Féminisme et environnement : pour une lutte environnementale féministe

Les changements climatiques et les enjeux environnementaux : un problème genré

Les problèmes environnementaux et les changements climatiques sont considérés comme des enjeux universels qui affectent tout le monde de la même manière. Il est important de savoir que ce n'est pas le cas et que, comme beaucoup d'autres enjeux mondiaux, les changements climatiques et l'exploitation des ressources naturelles ont pour effet d'aggraver les inégalités entre les genres à travers le monde et de creuser les inégalités déjà existantes. Dans cette page, vous trouverez quelques effets des enjeux climatiques sur les femmes.

Pauvreté et déplacement

À travers le monde tout comme au Nouveau-Brunswick, les femmes sont plus susceptibles de vivre en pauvreté. Parmi les pays à bas et à moyen revenu dans le monde, 70% des personnes vivant sous le seuil de pauvreté sont des femmes.

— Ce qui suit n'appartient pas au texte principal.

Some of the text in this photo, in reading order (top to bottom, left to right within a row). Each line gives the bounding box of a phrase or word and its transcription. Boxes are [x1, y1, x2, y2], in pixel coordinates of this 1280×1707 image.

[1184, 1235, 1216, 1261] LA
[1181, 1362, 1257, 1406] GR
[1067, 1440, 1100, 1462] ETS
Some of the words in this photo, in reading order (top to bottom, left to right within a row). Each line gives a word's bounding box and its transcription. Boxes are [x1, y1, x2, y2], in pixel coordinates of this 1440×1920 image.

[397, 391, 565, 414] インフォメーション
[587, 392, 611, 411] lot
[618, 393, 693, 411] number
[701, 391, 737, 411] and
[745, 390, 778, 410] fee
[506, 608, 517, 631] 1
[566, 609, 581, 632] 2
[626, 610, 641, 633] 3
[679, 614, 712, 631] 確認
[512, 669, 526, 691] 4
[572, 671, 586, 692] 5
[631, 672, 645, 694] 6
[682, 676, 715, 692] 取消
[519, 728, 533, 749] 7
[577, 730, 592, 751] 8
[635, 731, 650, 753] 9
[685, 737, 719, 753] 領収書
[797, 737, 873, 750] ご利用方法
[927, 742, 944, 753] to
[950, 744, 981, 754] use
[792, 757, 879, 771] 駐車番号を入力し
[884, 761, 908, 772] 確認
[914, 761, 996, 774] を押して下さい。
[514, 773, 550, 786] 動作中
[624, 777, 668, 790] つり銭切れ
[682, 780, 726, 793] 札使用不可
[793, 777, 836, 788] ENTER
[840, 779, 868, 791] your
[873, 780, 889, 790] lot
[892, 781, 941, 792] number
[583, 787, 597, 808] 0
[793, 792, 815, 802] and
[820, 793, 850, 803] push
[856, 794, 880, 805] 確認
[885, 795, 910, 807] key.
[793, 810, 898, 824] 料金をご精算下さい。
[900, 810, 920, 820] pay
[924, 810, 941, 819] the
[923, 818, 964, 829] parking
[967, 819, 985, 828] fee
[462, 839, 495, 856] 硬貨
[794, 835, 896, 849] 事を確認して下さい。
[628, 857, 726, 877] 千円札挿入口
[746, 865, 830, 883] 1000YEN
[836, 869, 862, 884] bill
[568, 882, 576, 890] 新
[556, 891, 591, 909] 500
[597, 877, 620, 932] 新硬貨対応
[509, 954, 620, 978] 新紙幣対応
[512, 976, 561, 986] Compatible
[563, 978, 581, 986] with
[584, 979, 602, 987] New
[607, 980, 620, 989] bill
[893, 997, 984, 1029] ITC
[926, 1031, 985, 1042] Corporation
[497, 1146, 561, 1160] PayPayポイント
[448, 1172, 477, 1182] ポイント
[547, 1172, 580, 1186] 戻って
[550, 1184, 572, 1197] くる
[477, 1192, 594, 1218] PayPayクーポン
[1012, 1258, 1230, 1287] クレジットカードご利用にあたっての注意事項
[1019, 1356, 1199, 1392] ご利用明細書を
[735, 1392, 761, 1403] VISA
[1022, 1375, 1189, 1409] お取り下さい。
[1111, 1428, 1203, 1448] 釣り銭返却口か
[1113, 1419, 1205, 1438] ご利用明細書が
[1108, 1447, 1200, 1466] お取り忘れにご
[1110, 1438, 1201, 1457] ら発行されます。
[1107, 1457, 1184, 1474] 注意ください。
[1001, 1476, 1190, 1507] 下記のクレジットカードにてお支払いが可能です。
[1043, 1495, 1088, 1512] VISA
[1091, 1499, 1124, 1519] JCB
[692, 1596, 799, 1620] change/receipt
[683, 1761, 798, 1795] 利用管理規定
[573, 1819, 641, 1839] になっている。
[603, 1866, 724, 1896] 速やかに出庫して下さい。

Au Nouveau-Brunswick, les femmes ont plus de chances d’effectuer un travail à temps partiel, donc précaire, que les hommes : 21 % des femmes occupaient un emploi à temps partiel en 2015, comparativement à 10 % des hommes. 

Les effets des changements climatiques, tels que les sécheresses, les inondations, les incendies et les catastrophes climatiques, amplifient les instances de pauvreté, surtout dans les pays surexploités.

La rareté des ressources lors de telles périodes ne font qu'aggraver les situations de pauvreté extrême dans plusieurs parties du monde. Les désastres climatiques peuvent avoir de graves répercussions sur les systèmes agricoles, les filets sociaux et les infrastructures économiques, et les femmes ressentent davantage les effets puisqu’elles sont déjà vulnérables. 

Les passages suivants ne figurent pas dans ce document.